If you want to require medical intervention for both genders rather than just one, then you'll have to find a way you suppress the development of both male and female reproductive organs. In XY only population with TDF suppressed and in XX only population, you need to suppress the hormones that triggers vaginal development. This is to keep both pre-penis and pre-vagina cells undeveloped. In adulthood, you'll either artificially trigger pre-penis cells to start developing or undo the suppression of the hormones that triggers vaginal development. It's hard to know whether it would've been possible to trigger the development of primary sex organs at such a late age. Once the primary sex organ develops, the secondary sex organs should follow suit as they depend on the hormones produced by the primary sex organs.

Another complication for XY only population is that, since the mothers also have XY gene, then half of her egg will contain Y egg. That may cause two things, either reduced fertility because Y egg is either not viable or can only mate with X sperm. I don't know what would've happened with those born to the YY chromosome, they'll probably be non-viable. Also, if you want to maintain XY only population, you'll still have to suppress/abort all XX conception. This leads to a population with at best half the fertility of mixed chromosomes population. No such issues exists with XX only populations.

Note: I'm neither an expert in human reproductive system nor biology, so even though I try to base my answer on the sciences as I understand it, at least half of the things I said here is probably scientifically wrong.

• Rather than killing the Y chromosome, you could mutate it into a hybrid "Z" chromosome, with XZ leading to hermaphroditic / intersex physiology, while XX leads as now to (mostly) female, and ZZ to (mostly) male. XZ would become the most common (random pairings would result in a ratio 18XZ:5XX:5ZZ, with XX+XX and ZZ+ZZ pairings physiologically impossible), and might be further selected in rich countries by mass adoption of IVF or other medical pre-selection / screening. – IMSoP Oct 23 '16 at 15:21

Delaying the Onset of Sexual Differentiation

To get viable ideas, we only have to look to nature.

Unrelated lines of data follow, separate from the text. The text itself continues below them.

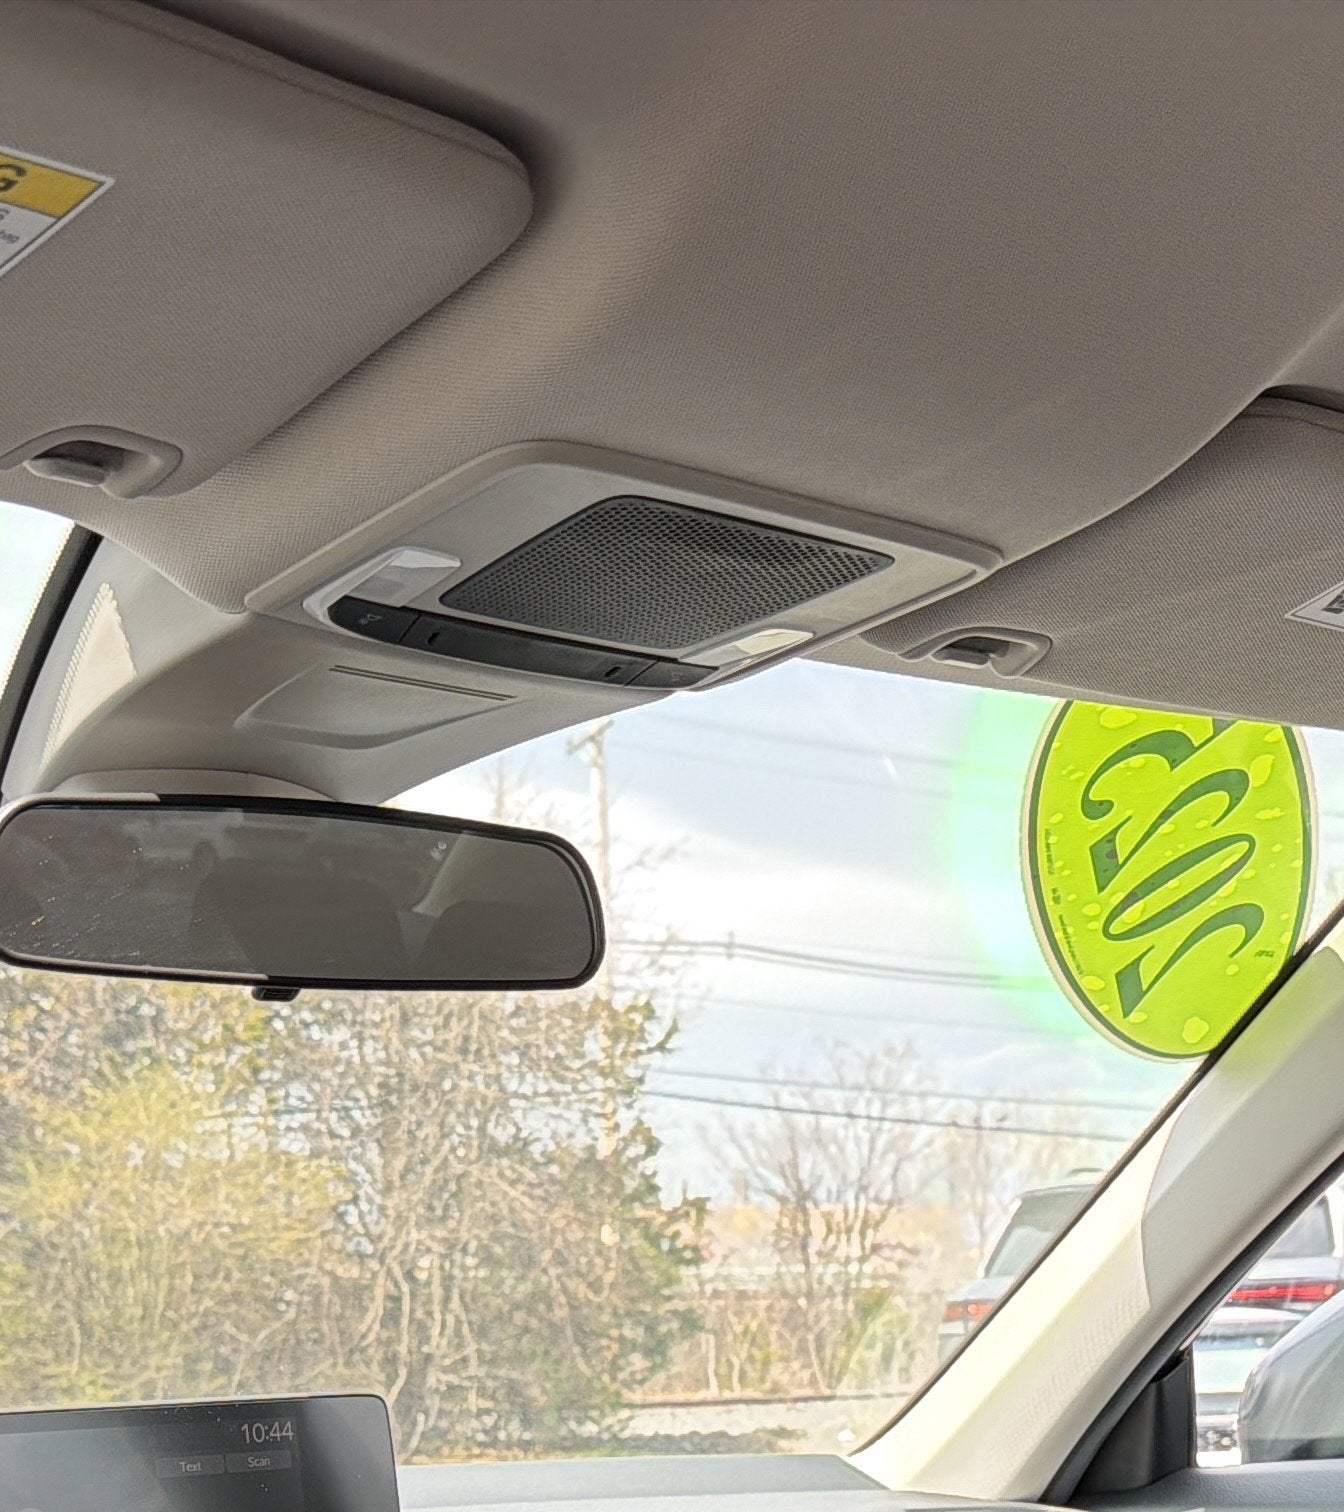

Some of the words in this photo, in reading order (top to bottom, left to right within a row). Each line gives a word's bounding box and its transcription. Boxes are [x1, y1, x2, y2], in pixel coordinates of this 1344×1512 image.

[241, 1421, 294, 1443] 10:44
[179, 1461, 201, 1472] Text
[248, 1456, 270, 1468] Scan
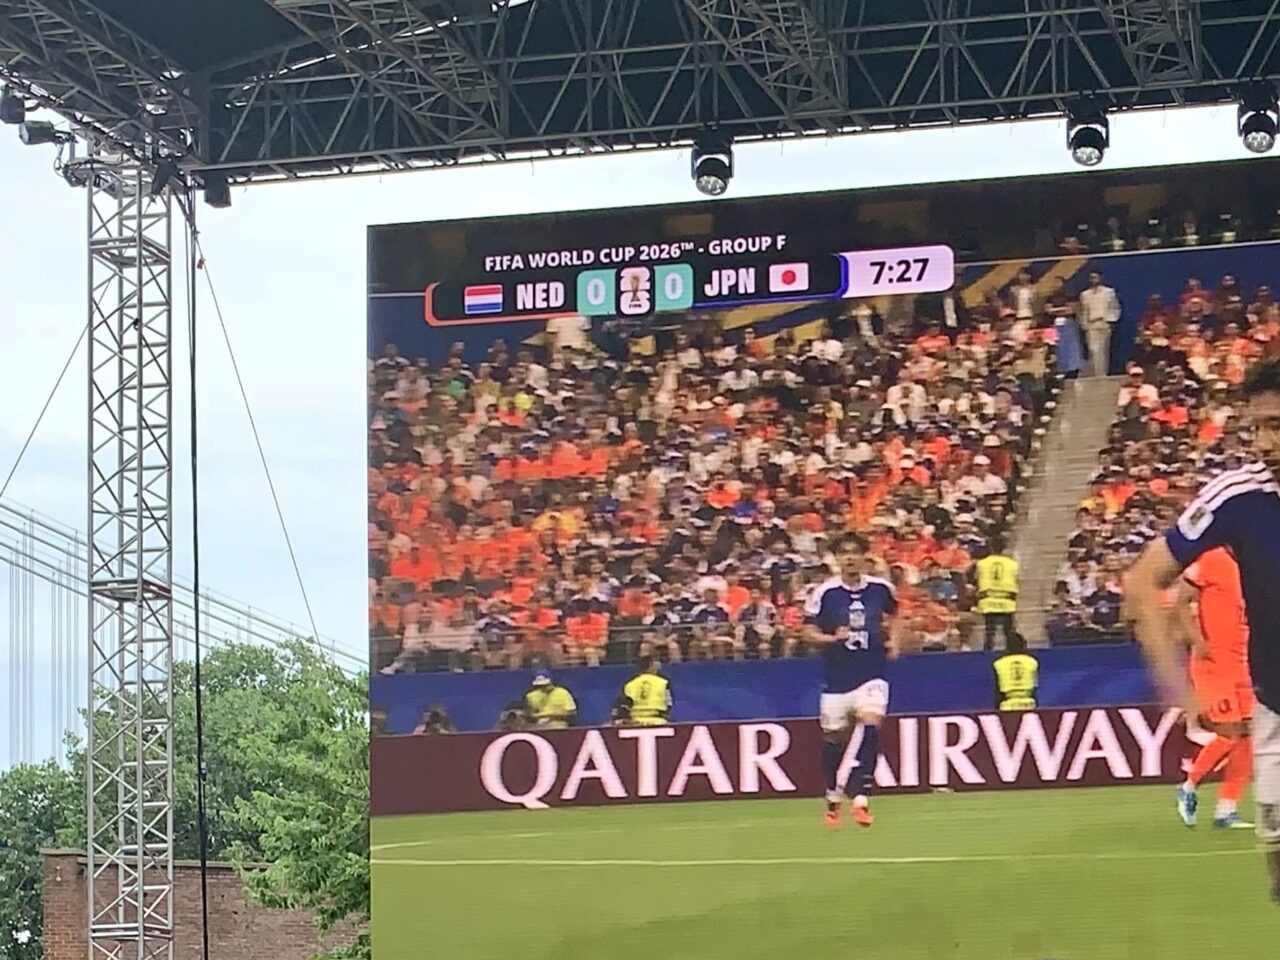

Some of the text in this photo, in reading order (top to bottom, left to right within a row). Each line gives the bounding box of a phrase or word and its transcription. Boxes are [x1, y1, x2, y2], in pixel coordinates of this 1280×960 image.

[484, 254, 525, 272] FIFA
[528, 250, 594, 269] WORLD
[599, 246, 635, 263] CUP
[708, 238, 769, 256] GROUP
[776, 235, 787, 250] F
[664, 267, 756, 300] 0 JPN
[869, 257, 930, 285] 7:27
[516, 278, 606, 310] NED 0
[479, 707, 1228, 810] QATAR AIRWAY

1. Some animals, like frogs, have to have the developing zygote sitting at a very particular angle.

2. Some animals, like some fish, are able to change genders during their lifetime. It depends on the number of males to females in the population that drives it.

3. Some sex selection, maybe alligators or turtles, depends on temperature (e.g. the genes that determine sex selection are only active at a particular temperature, so cold day you get males, warm day you get females (or vice versa).
4. Maybe the genes for sex selection are multivariate and assort with other genes, so sexes are highly dimorphic.
5. Maybe the genes that determine sex are located within a transposon, a genetic element that can rewrite itself in other places of the genome, and people randomly change sexes, possibly several times, through their life.
6. Maybe in the line of menses, there is, say, a calorie counter gene/molecule/protein that when the appropriate amount of nutrients have been consumed (or correct amount of UV light, or whatever) then it differentially activates a vast panaply of genes that guide sex selection.

If male humans are lacking enzyme 5-reductase they're guevedoces, who get male genitalia at the age of 7-12; otherwise look like females.